Not understanding why and wondering what you did wrong. Wondering if you were too clingy all the time. Missing the way she made you smile & laugh as well as even missing the old silly arguments you had. Wondering what you could have done to stay with that person and wishing that everything had worked out. Blaming yourself for everything that went wrong even though you know that it wasn't you're fault. Hating yourself for not being good enough for her and realizing that she didn't treat you right at all and that you tried treating her right all the time...that hurts a lot.
Some people just aren't meant for each other dude. It is personal, but nothing to fret over because some people ARE meant for each other. You'll find her, just go have some fun.

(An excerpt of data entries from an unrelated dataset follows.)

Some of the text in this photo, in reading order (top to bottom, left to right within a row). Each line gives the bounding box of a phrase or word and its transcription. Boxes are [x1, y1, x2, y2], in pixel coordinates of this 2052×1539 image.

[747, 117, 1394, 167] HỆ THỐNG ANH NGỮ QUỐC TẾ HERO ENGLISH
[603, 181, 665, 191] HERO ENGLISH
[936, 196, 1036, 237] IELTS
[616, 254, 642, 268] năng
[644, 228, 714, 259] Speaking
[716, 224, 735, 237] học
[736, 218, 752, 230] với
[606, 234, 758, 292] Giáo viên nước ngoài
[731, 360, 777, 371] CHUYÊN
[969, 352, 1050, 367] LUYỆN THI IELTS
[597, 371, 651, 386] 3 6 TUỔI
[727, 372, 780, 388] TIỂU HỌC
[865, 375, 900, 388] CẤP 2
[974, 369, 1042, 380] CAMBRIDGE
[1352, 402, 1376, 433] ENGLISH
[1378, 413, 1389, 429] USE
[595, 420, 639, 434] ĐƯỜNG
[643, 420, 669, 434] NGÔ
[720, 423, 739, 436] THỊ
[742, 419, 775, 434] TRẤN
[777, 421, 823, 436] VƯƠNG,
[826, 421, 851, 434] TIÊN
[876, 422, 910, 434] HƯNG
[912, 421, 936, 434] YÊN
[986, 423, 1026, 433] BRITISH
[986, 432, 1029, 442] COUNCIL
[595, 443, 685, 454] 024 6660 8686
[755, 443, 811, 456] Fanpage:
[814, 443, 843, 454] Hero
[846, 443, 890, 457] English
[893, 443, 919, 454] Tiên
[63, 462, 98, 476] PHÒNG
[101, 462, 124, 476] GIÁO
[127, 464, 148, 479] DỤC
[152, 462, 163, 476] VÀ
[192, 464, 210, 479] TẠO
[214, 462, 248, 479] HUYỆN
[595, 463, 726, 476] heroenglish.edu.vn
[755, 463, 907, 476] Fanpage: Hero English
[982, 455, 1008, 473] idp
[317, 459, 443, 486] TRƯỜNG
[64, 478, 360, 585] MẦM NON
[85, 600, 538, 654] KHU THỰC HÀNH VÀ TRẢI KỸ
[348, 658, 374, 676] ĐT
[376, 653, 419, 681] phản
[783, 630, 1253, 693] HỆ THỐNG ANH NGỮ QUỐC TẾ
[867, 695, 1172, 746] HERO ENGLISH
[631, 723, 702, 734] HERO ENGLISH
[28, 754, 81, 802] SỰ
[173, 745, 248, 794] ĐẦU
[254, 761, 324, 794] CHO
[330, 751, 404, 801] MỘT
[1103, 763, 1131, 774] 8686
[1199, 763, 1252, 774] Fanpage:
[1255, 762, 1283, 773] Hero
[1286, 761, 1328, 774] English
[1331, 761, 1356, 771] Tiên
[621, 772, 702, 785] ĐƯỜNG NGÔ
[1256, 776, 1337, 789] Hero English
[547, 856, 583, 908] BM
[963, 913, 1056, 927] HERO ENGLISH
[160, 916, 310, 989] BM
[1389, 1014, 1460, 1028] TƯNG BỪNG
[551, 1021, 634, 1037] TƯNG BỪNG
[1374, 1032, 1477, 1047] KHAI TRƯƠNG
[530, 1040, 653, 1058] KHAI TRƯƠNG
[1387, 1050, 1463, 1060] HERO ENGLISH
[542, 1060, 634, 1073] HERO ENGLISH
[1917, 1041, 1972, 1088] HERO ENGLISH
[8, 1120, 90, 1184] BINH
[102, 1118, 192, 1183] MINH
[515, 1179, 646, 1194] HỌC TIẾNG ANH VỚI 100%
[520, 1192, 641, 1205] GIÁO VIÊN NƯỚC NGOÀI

... realizing you have been dating a psycho. You might not realize this for a little bit, but eventually you'll see it.
the truth...happens to me everytime lol...your gonna look back and say "holyfuckinshit why didnt i just hit and quit!!!"
Cheer up, Charlie! There's plenty of fish in the sea. I think the idea that there's only one person out there for everybody is bullshit. My ex kicked my ass to the cuuuuuuuuuuuurb about a month and a half ago, and for a week it was vodka and crying like a little bitch all the live long day but you know what? Who cares... I spent more than a year of my life so wrapped in up in one person that wasn't even making me that happy. Since we broke up, I've gone on some dates, gotten laid, the normal single stuff and the only thing I keep thinking is 'WTF was I doing with the fagatron2000 for so long?!'. I was missing out on so many awesome people and doing all the things I wanted to do. Companionship is nice but enjoy your single time! Stay out till whenever tha fuck you want and ogle hot chicks all you want without having to explain yourself. Get a hobby, meet some new people, manifest all that you want in your life because a relationship will never be healthy and whole until it's two people coming together as complete individuals. Fuck the 'You complete me' bullshit-- be whole in and of yourself and watch what happens. You'll meet the next Ms. Right (or at least Ms. Right Now) when you focus on yourself and let it happen.
How about a $200 car key, and she is 750 miles away, and will not return calls or messages to get said key back, but knows where you live and would probably do something with it.
Hrm... when you have to see that person everyday and it makes you cry when you do (yeah, happened to me for 2 months) and now im engaged. So think of that bitch as a bump in the road man. Im sorry your hurt but time will heal, so cliche, but probably (most likely) will be true.
The car it goes to is worth $15,000 But I know what you mean. Time and distance definitely helps. Even in the past week I find myself thinking about her less and less and less, and interested in what shes doing less and less. Although I miss the companionship, she was definitely nutso...Can't wait to see who the next one is.